─── Data for review

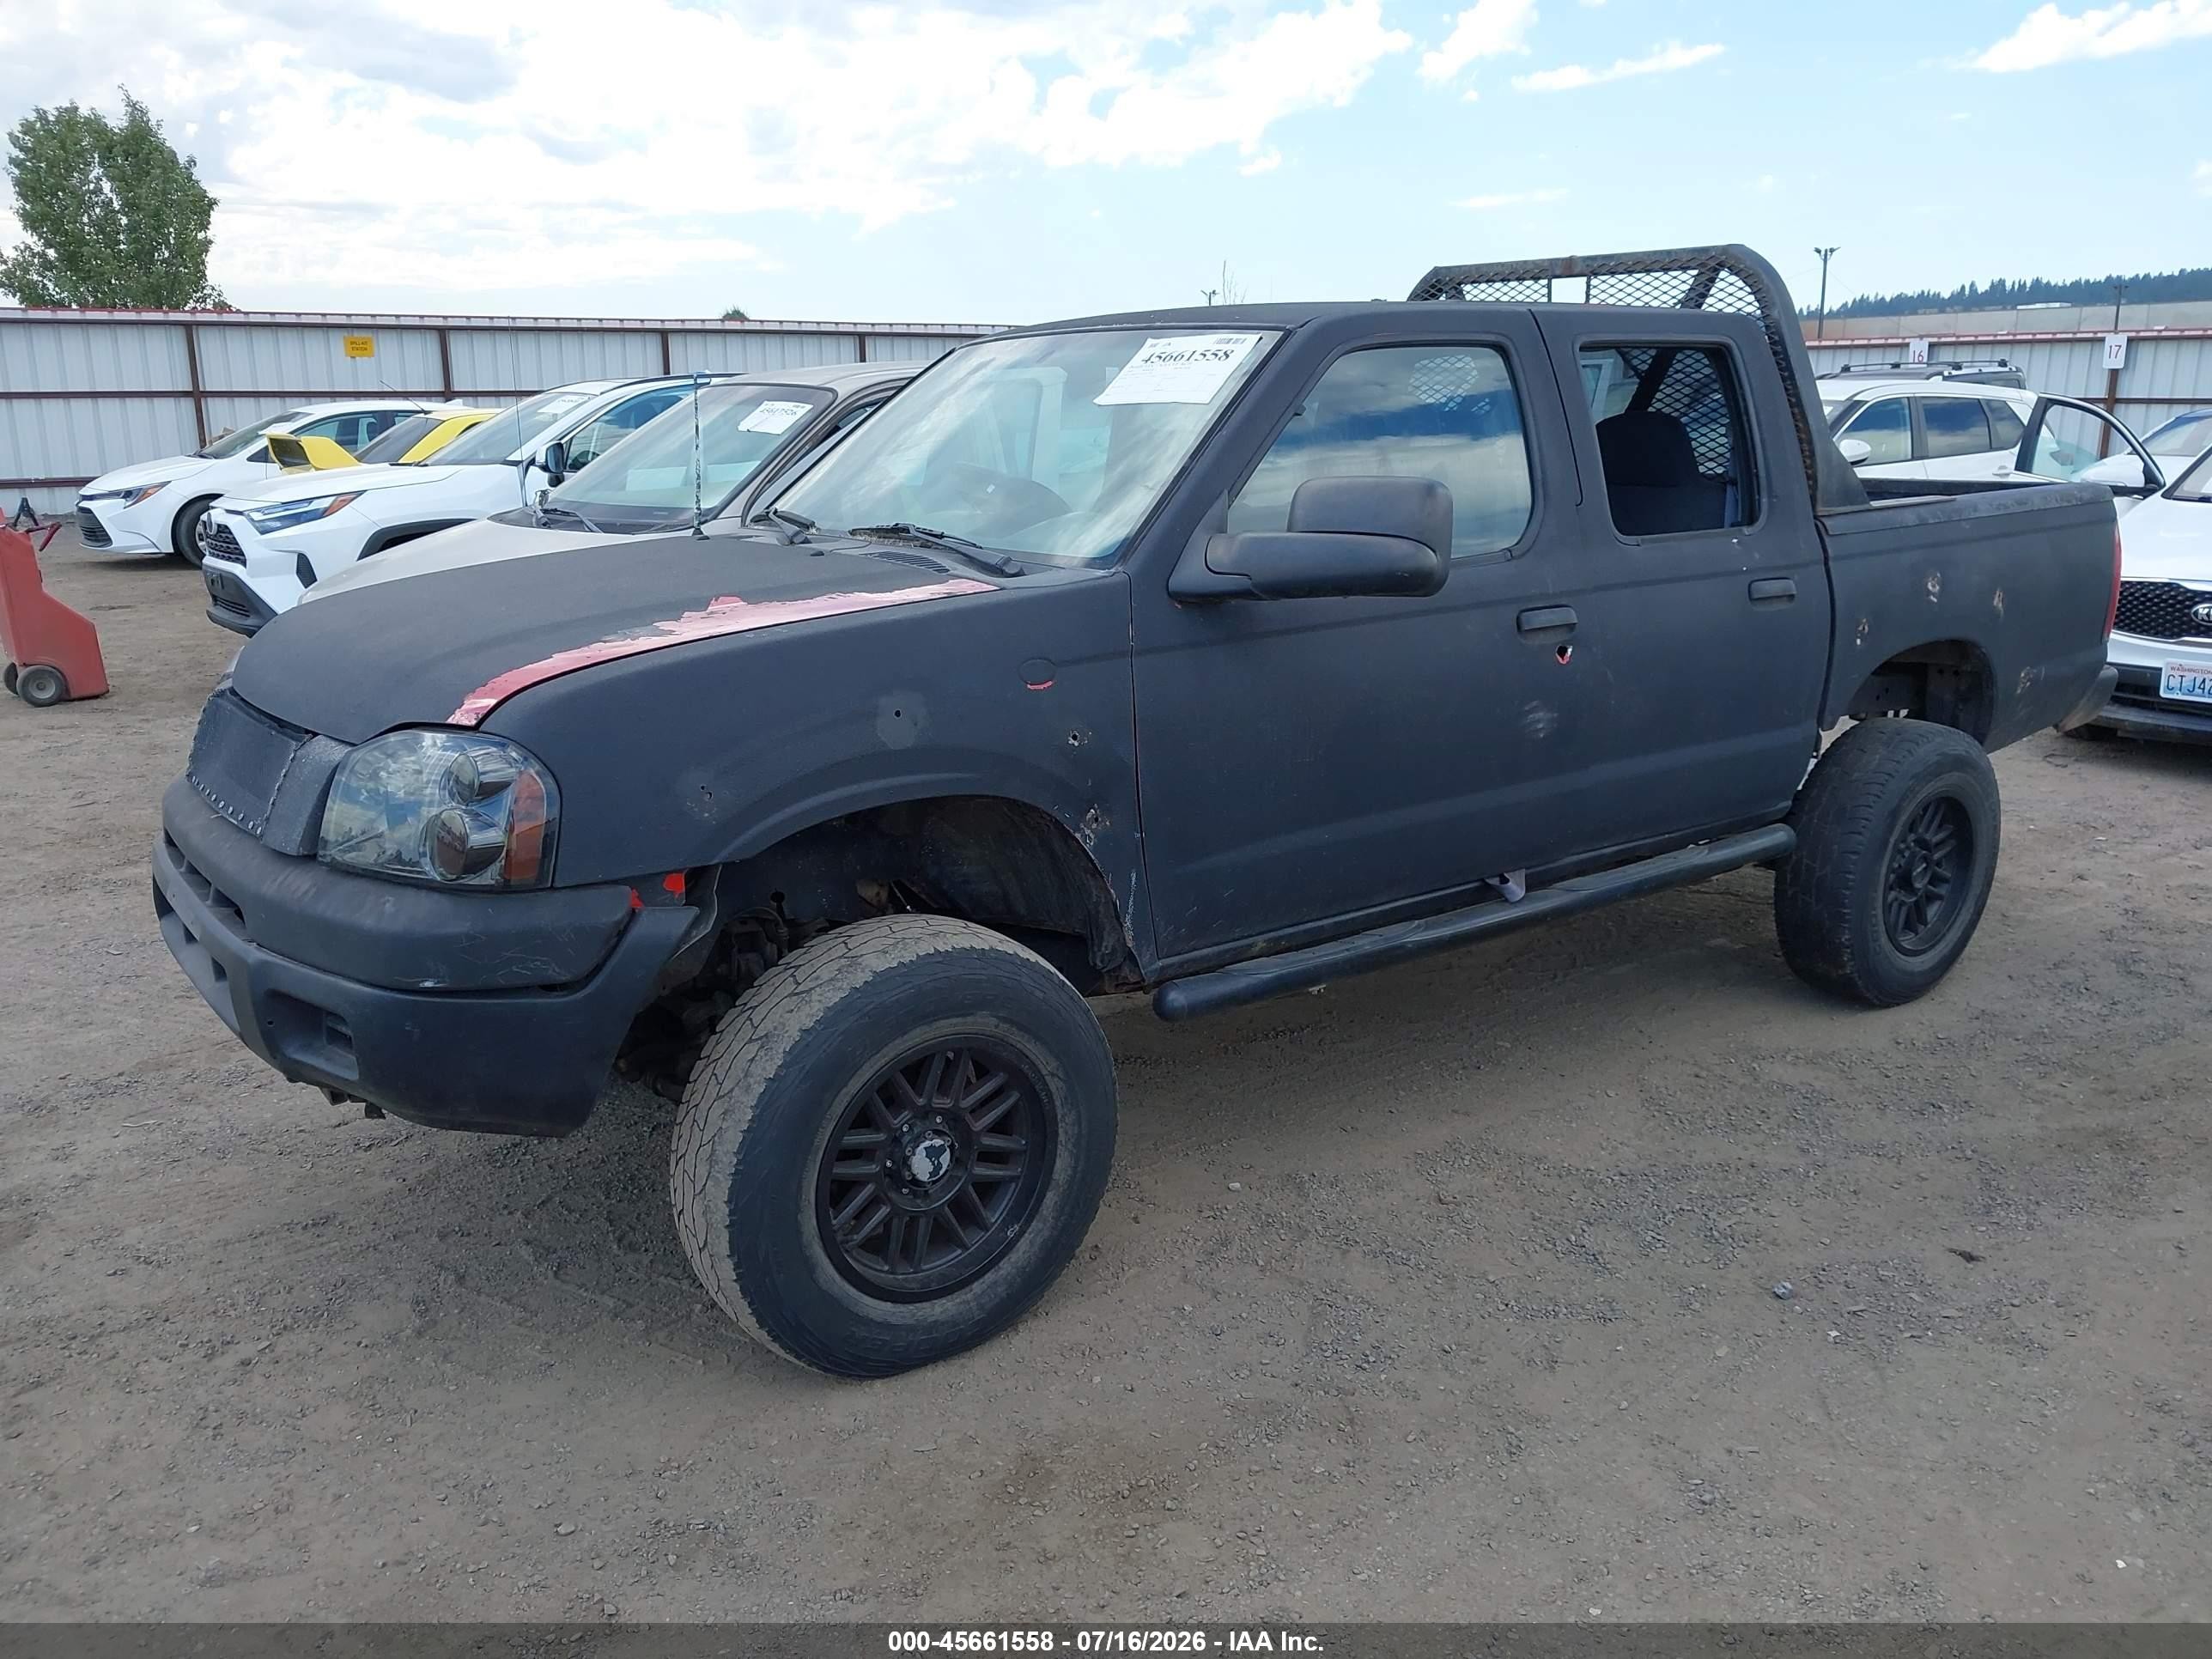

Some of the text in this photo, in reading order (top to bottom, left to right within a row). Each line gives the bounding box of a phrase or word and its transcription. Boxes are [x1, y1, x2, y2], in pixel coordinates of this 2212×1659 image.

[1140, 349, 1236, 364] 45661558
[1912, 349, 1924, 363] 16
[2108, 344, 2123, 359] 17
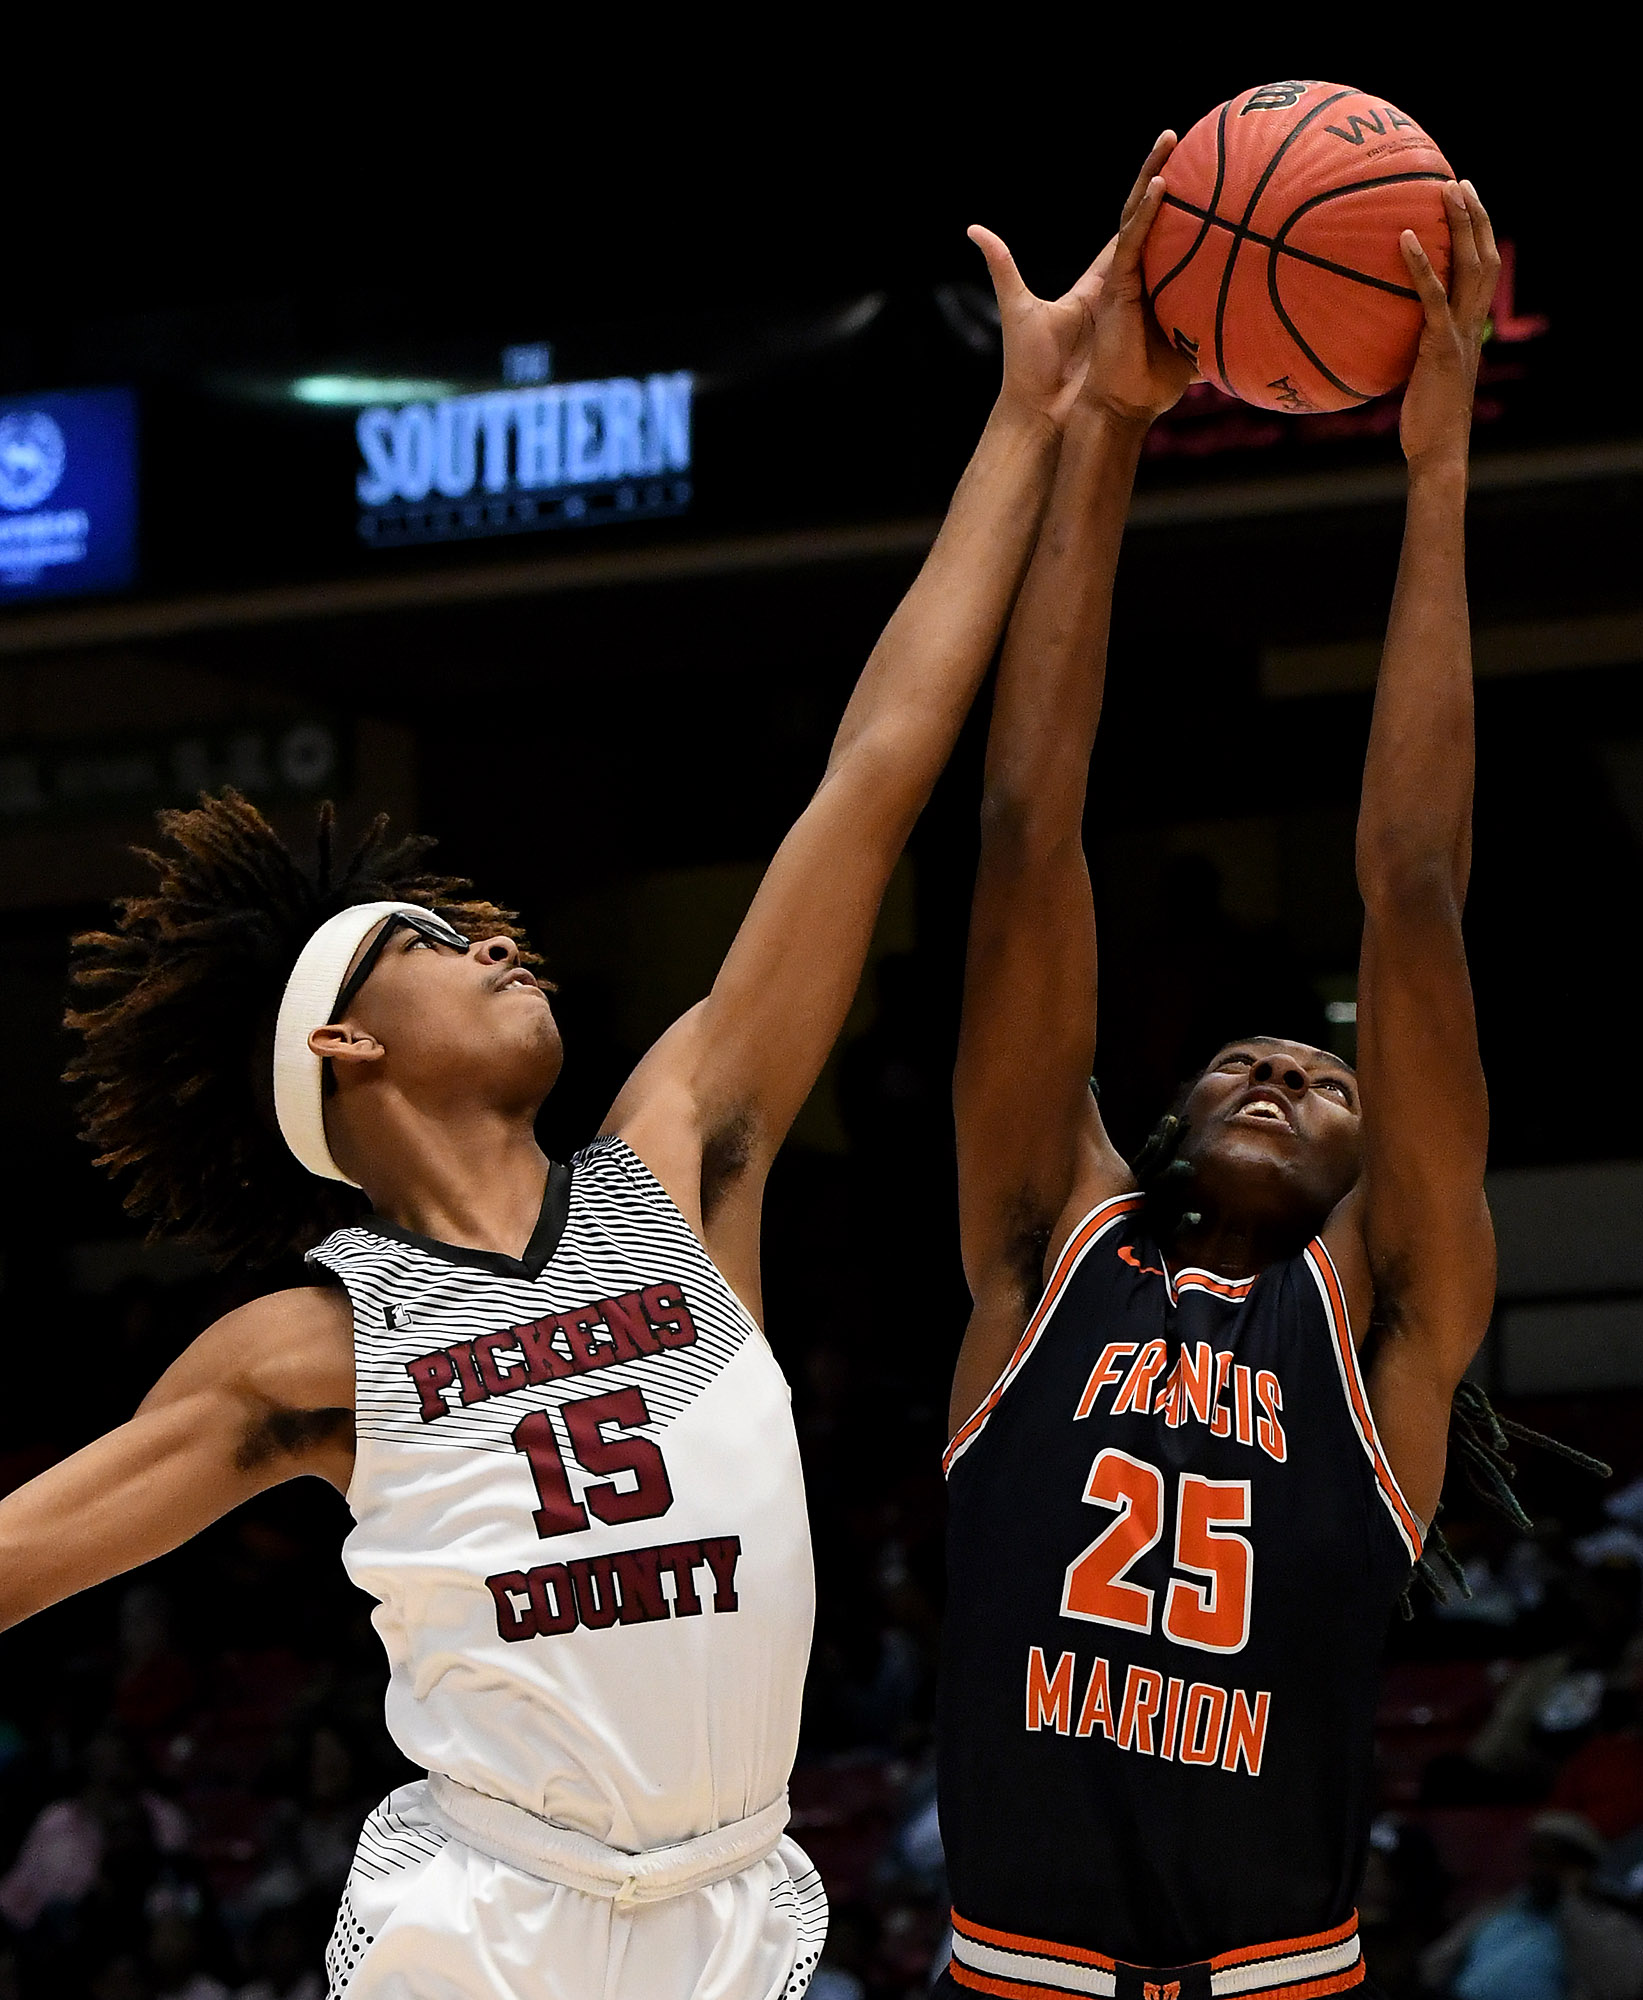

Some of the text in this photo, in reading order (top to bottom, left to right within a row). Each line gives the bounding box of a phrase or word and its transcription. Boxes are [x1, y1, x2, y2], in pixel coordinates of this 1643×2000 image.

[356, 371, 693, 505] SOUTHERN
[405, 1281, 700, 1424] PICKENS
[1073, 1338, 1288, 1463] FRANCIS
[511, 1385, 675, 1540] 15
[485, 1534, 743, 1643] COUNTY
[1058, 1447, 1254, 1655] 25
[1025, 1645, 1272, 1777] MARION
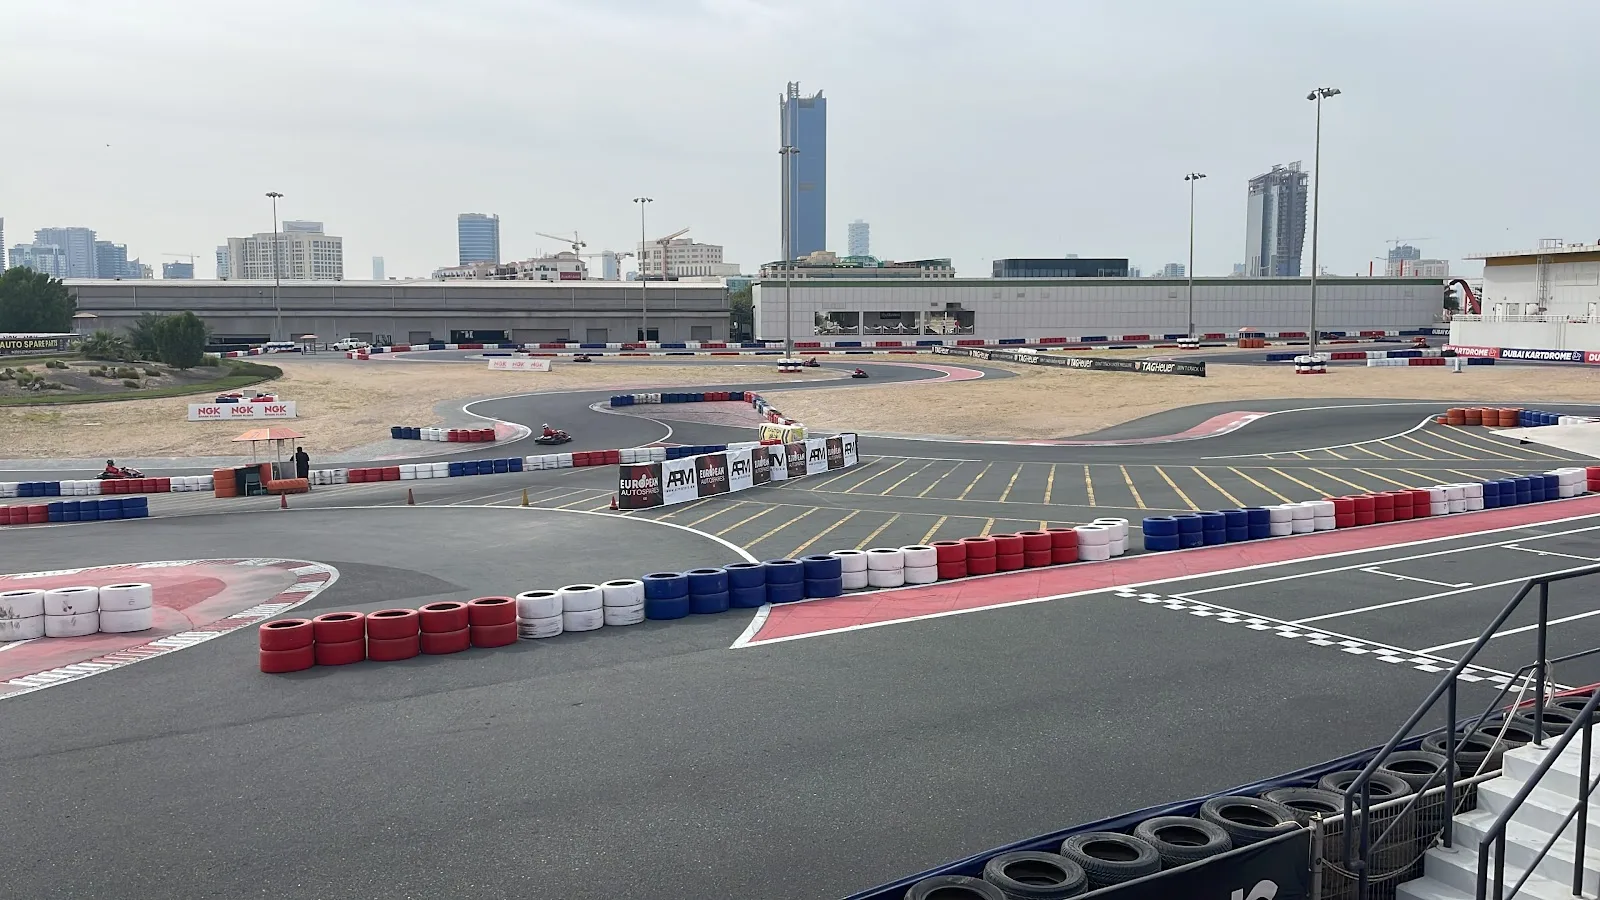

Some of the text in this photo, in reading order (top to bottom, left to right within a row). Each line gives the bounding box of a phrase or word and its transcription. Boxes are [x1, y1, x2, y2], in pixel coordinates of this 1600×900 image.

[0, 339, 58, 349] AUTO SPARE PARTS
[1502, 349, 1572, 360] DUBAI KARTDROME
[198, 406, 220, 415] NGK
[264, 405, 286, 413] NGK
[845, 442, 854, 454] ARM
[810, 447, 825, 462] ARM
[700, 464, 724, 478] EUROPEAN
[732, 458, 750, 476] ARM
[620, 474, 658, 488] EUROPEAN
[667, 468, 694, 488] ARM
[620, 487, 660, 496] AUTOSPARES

──────

• About this exercise: The data is to be returned exactly as it stands, pictures aside.

• Response to this exercise:
Some of the text in this photo, in reading order (top to bottom, left to right within a row). Each line gives the bounding box of a phrase or word and its transcription. Boxes are [x1, y1, x2, y2], in pixel coordinates of this 2212×1659 image.

[1140, 349, 1236, 364] 45661558
[1912, 349, 1924, 363] 16
[2108, 344, 2123, 359] 17

Some of the text in this photo, in reading order (top to bottom, left to right within a row). Each line gives the bounding box of a phrase or word and its transcription. Boxes are [x1, y1, x2, y2], in pixel coordinates of this 1643×2000 image.

[356, 371, 693, 505] SOUTHERN
[405, 1281, 700, 1424] PICKENS
[1073, 1338, 1288, 1463] FRANCIS
[511, 1385, 675, 1540] 15
[485, 1534, 743, 1643] COUNTY
[1058, 1447, 1254, 1655] 25
[1025, 1645, 1272, 1777] MARION

Some of the text in this photo, in reading order (top to bottom, left to right within a row). Each line gives the bounding box of a phrase or word and its transcription. Boxes are [x1, y1, x2, y2], in pixel coordinates of this 1600×900 image.

[0, 339, 58, 349] AUTO SPARE PARTS
[1502, 349, 1572, 360] DUBAI KARTDROME
[198, 406, 220, 415] NGK
[264, 405, 286, 413] NGK
[845, 442, 854, 454] ARM
[810, 447, 825, 462] ARM
[700, 464, 724, 478] EUROPEAN
[732, 458, 750, 476] ARM
[620, 474, 658, 488] EUROPEAN
[667, 468, 694, 488] ARM
[620, 487, 660, 496] AUTOSPARES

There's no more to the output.